# Task requirements
After removing every image, reproduce the data exactly as it appears.

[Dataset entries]
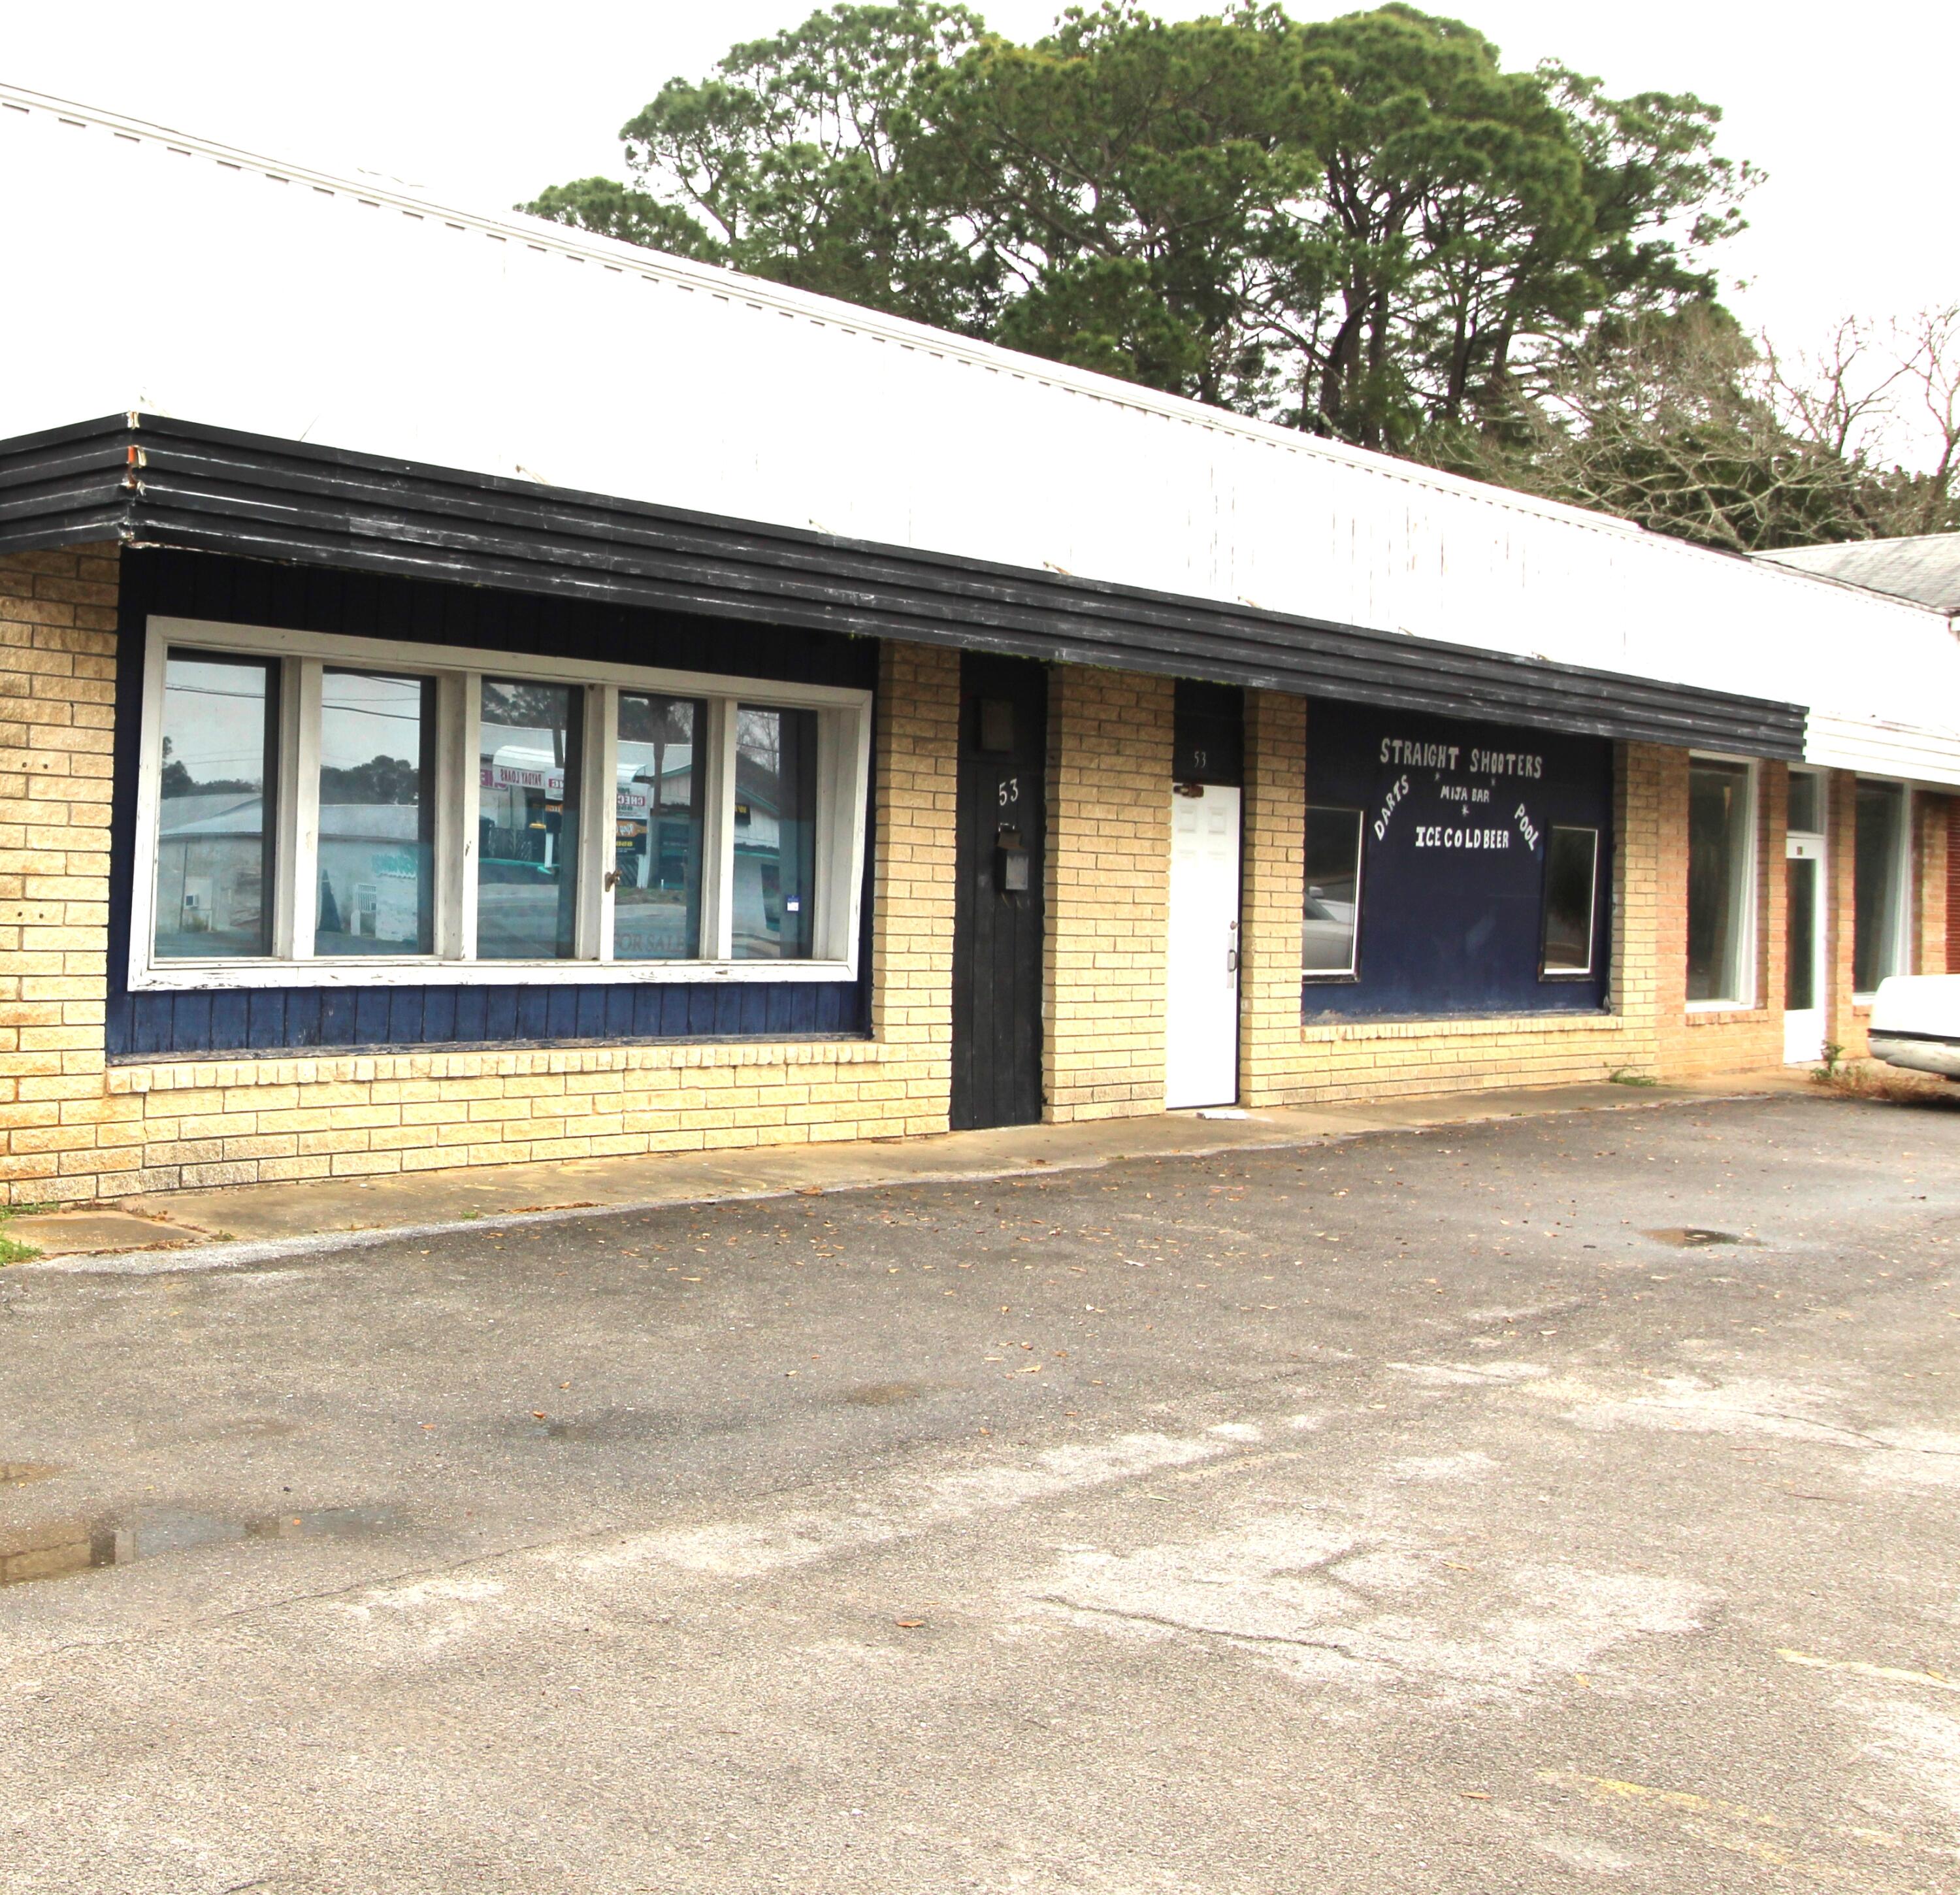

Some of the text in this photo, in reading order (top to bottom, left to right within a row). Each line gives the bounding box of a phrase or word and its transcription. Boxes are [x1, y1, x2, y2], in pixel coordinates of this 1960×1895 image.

[1194, 751, 1207, 768] 53
[1379, 737, 1543, 779] STRAIGHT SHOOTERS
[998, 778, 1019, 806] 53
[1440, 785, 1490, 802] MIJA BAR
[1373, 774, 1409, 841] DARTS
[1483, 829, 1509, 849] BEER
[1514, 802, 1539, 851] POOL
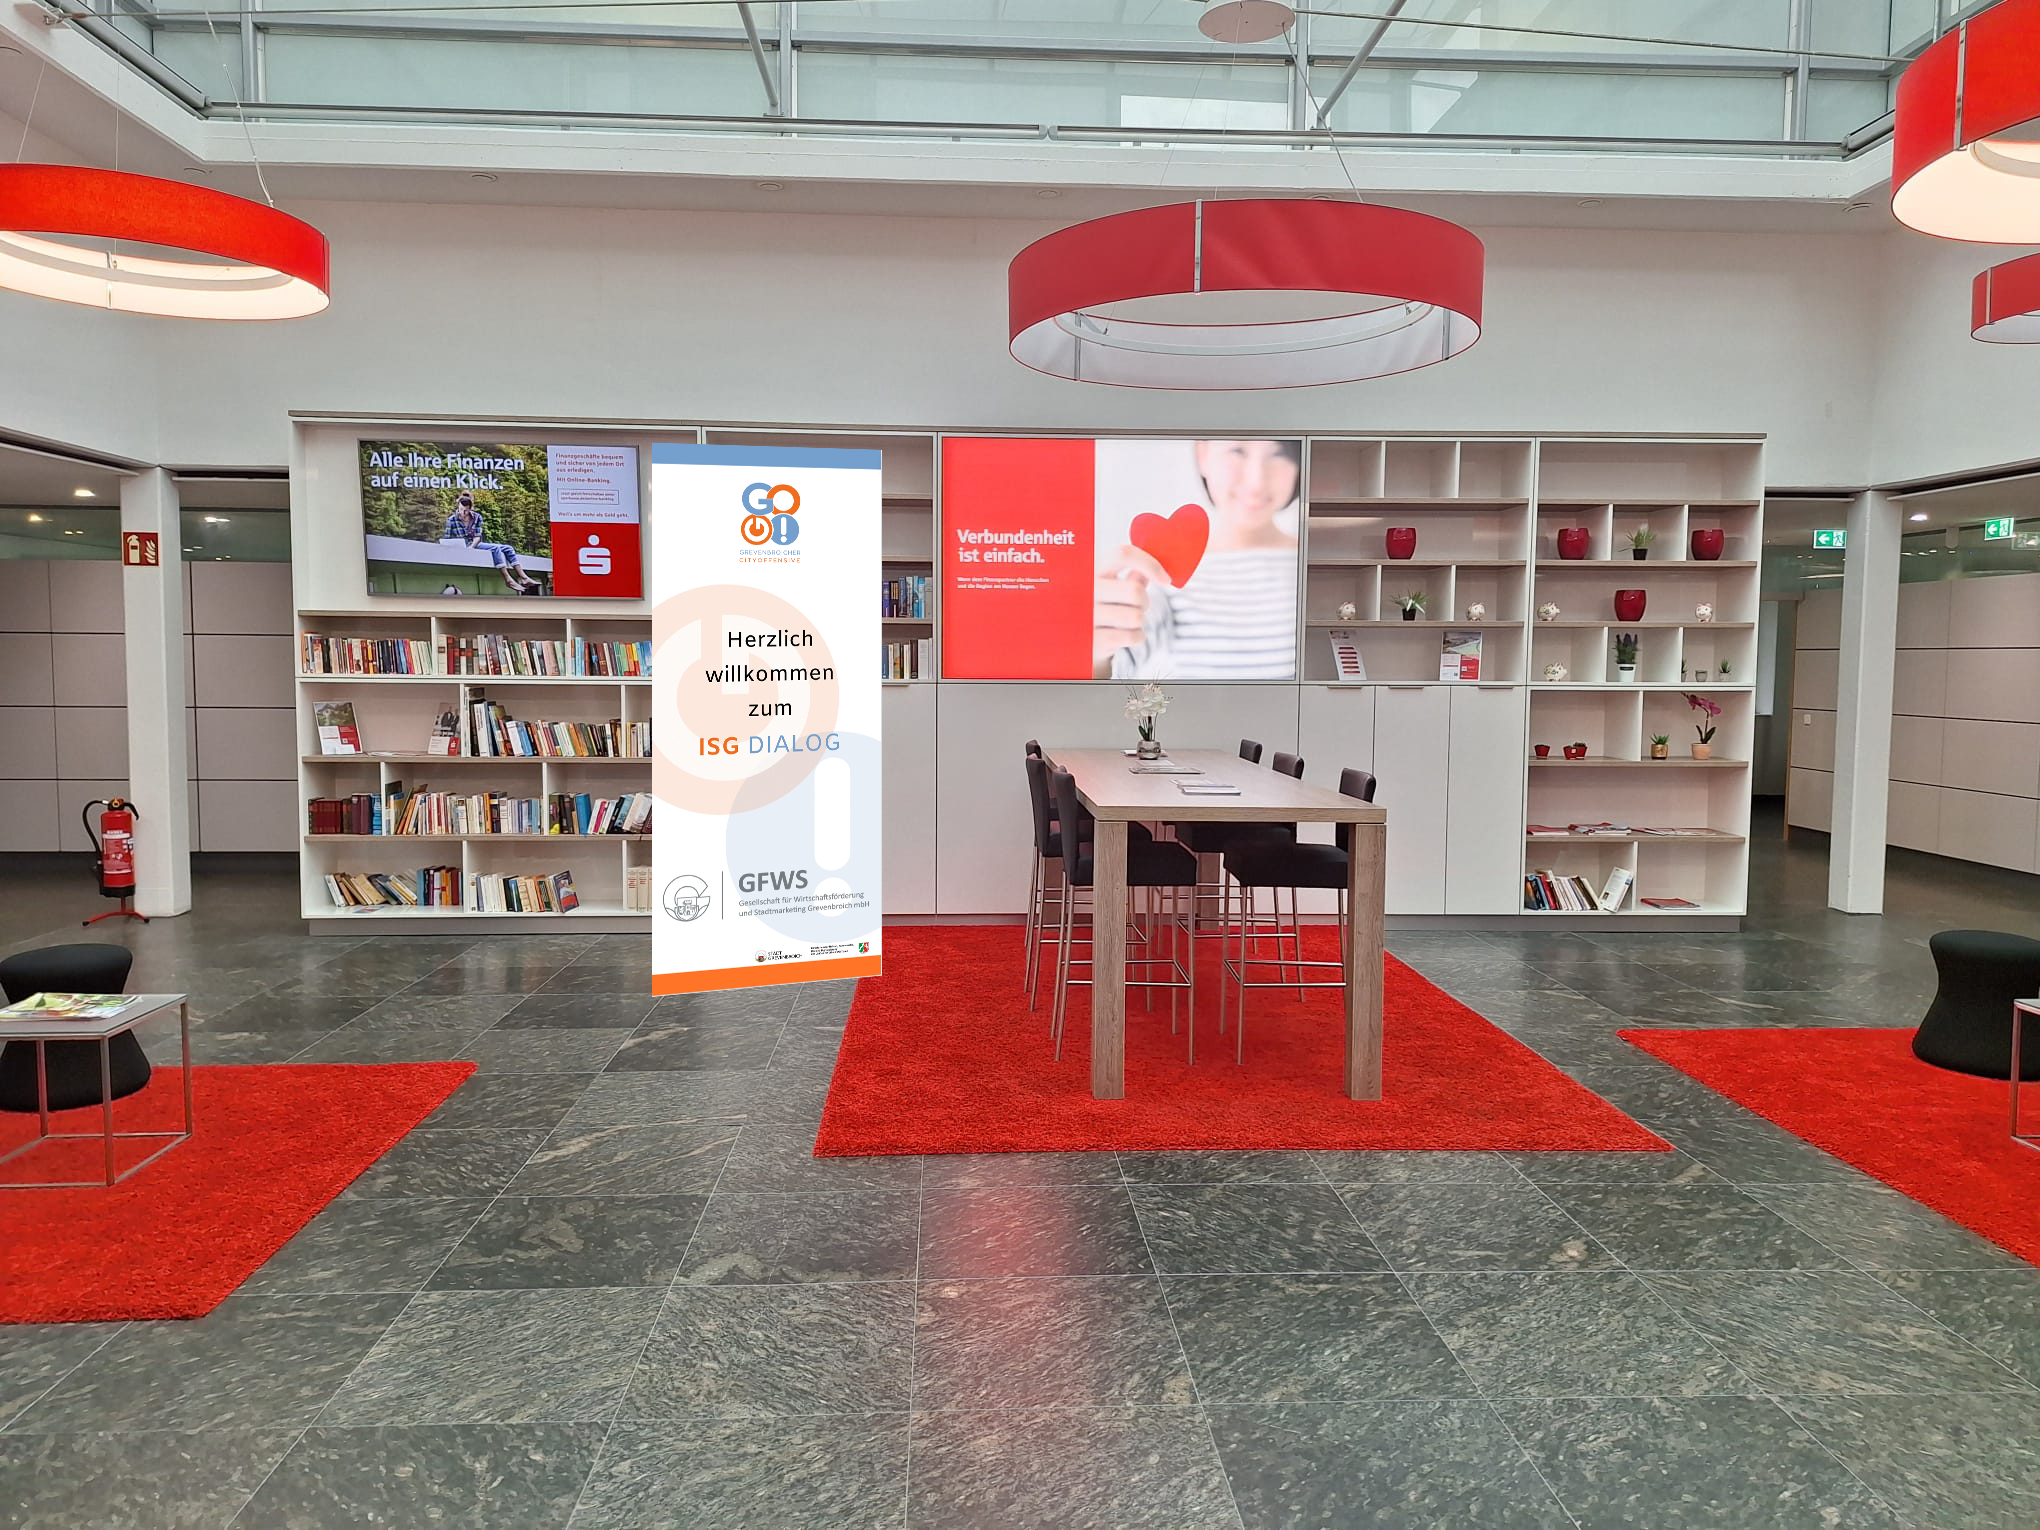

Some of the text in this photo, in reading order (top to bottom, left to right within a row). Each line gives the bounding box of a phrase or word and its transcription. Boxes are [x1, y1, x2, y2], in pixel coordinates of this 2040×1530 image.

# Solved problem
Some of the text in this photo, in reading order (top to bottom, left to right within a row). Each line gives the bounding box of a phrase or word and its transcription. Boxes are [x1, y1, x2, y2], in pixel coordinates of this 1960×1895 image.

[1194, 751, 1207, 768] 53
[1379, 737, 1543, 779] STRAIGHT SHOOTERS
[998, 778, 1019, 806] 53
[1440, 785, 1490, 802] MIJA BAR
[1373, 774, 1409, 841] DARTS
[1483, 829, 1509, 849] BEER
[1514, 802, 1539, 851] POOL

Some of the text in this photo, in reading order (top to bottom, left to right within a row). Each line gives the bounding box of a phrase or word and its transcription. Boxes are [x1, y1, x2, y2], in pixel coordinates of this 2040×1530 image.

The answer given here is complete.